[Study material Boundary: Start]

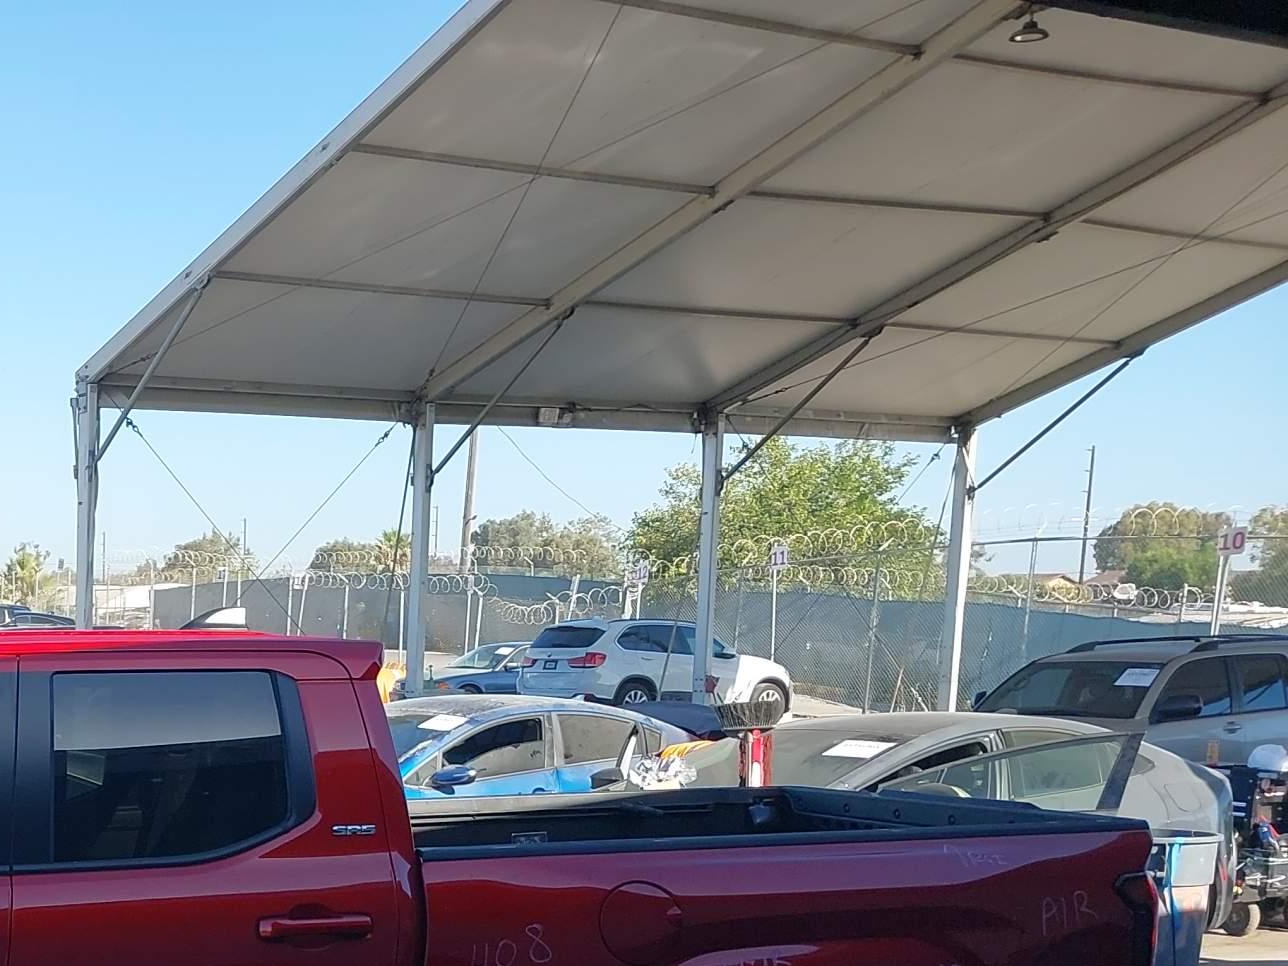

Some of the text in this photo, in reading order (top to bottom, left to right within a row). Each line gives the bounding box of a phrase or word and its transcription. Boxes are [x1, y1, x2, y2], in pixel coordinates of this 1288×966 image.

[1219, 532, 1245, 551] 10
[772, 550, 786, 566] 11
[332, 824, 377, 836] SR5
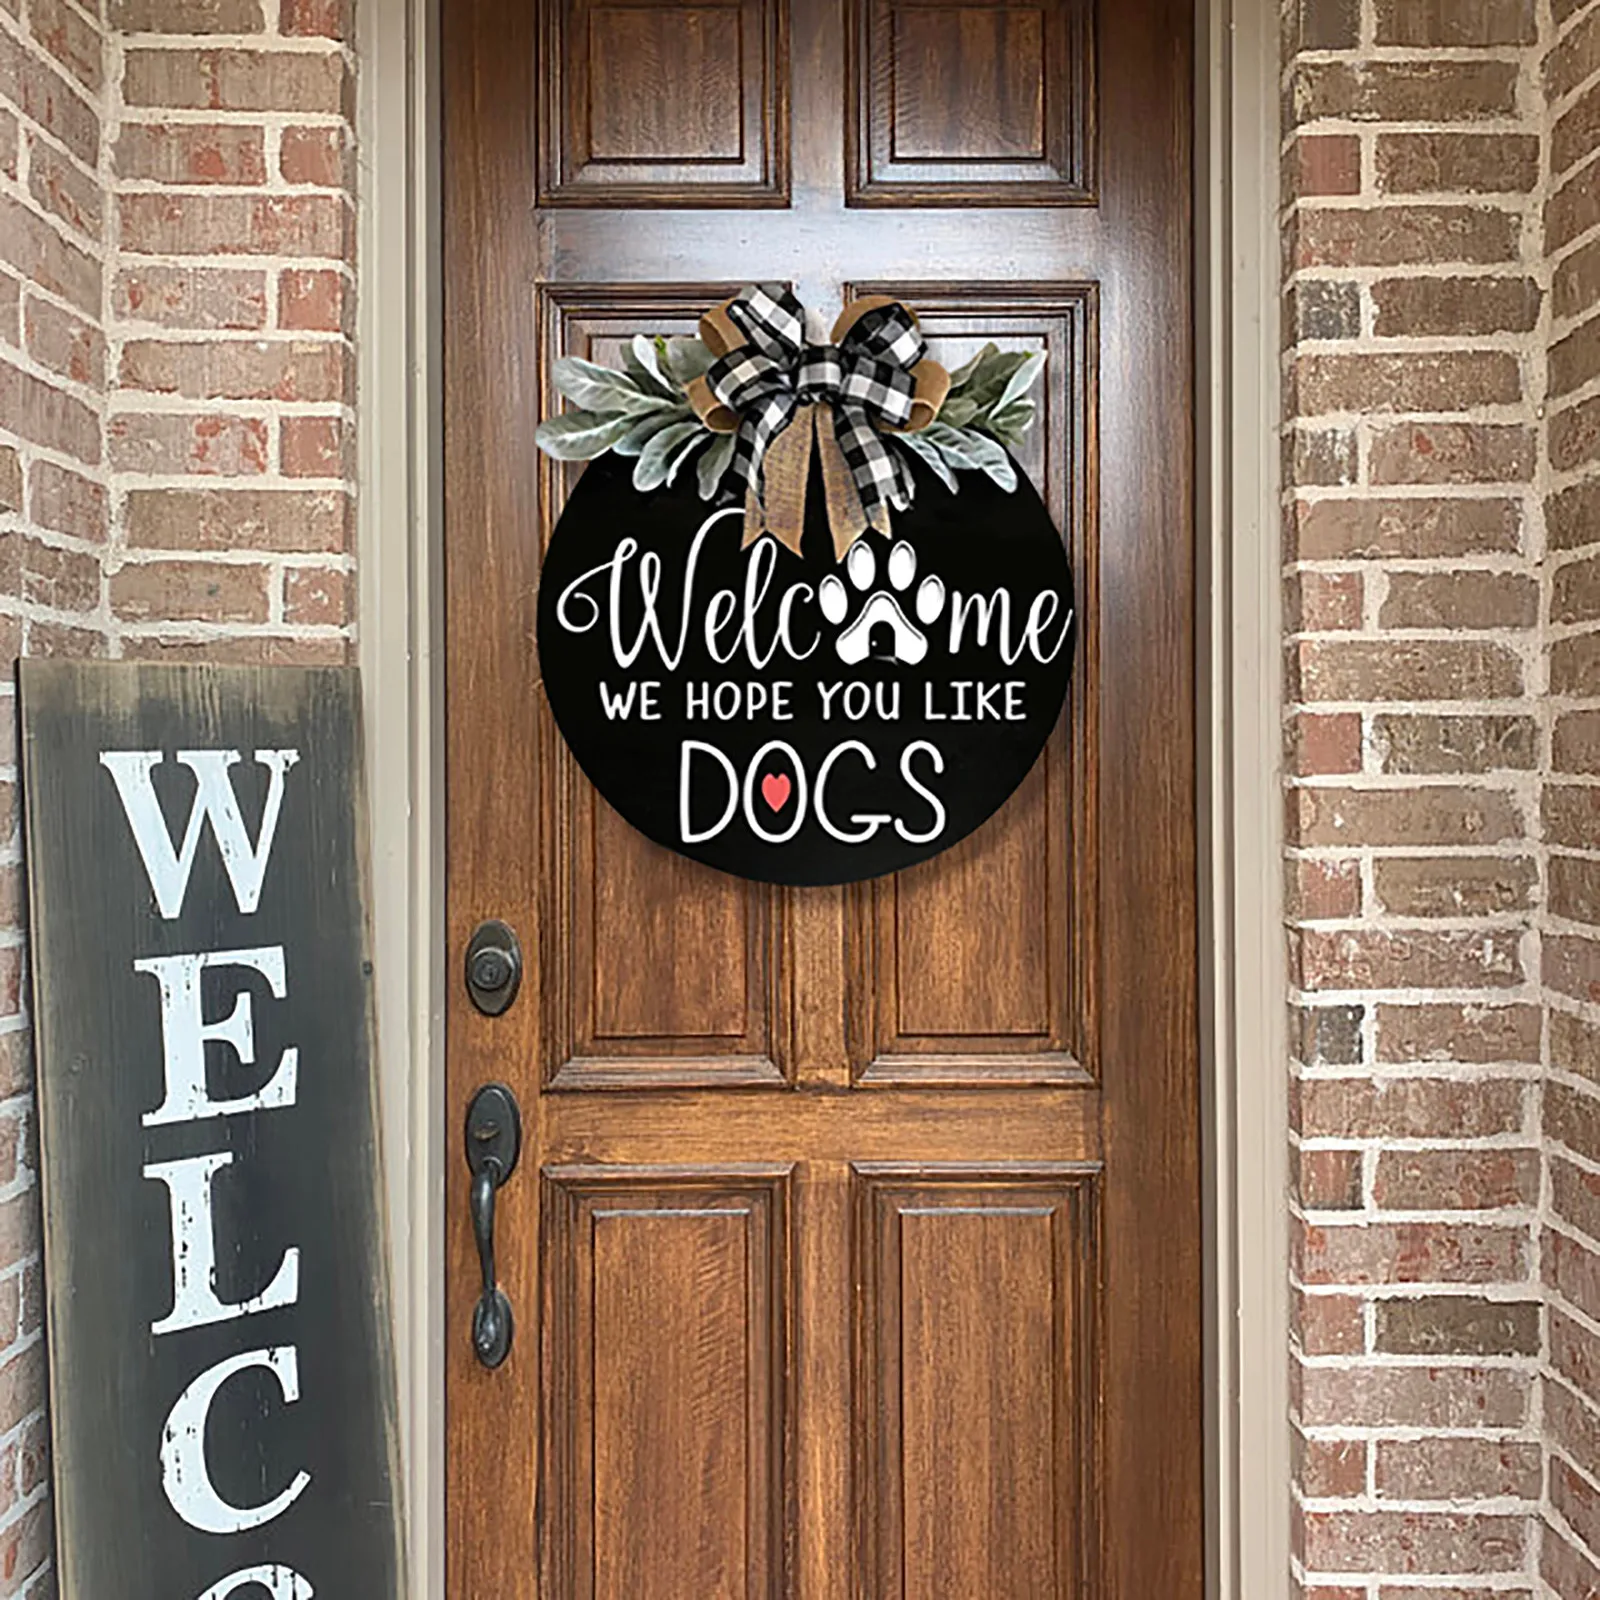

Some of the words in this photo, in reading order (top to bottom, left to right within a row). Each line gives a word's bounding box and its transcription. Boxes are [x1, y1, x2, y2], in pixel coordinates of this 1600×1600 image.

[556, 507, 1073, 671] Welcme
[599, 681, 662, 721] WE
[686, 680, 794, 721] HOPE
[817, 680, 900, 721] YOU
[925, 680, 1027, 721] LIKE
[680, 739, 946, 844] DOGS
[98, 748, 313, 1600] WELC

[Study material Boundary: End]

**To do:** Retype each line above exactly and leave out any picture.

**Answer section:**
Some of the text in this photo, in reading order (top to bottom, left to right within a row). Each line gives the bounding box of a phrase or word and its transcription. Boxes are [x1, y1, x2, y2], in pixel coordinates of this 1288×966 image.

[1219, 532, 1245, 551] 10
[772, 550, 786, 566] 11
[332, 824, 377, 836] SR5

Some of the words in this photo, in reading order (top to bottom, left to right within a row). Each line gives a word's bounding box and its transcription. Boxes are [x1, y1, x2, y2], in pixel coordinates of this 1600×1600 image.

[556, 507, 1073, 671] Welcme
[599, 681, 662, 721] WE
[686, 680, 794, 721] HOPE
[817, 680, 900, 721] YOU
[925, 680, 1027, 721] LIKE
[680, 739, 946, 844] DOGS
[98, 748, 313, 1600] WELC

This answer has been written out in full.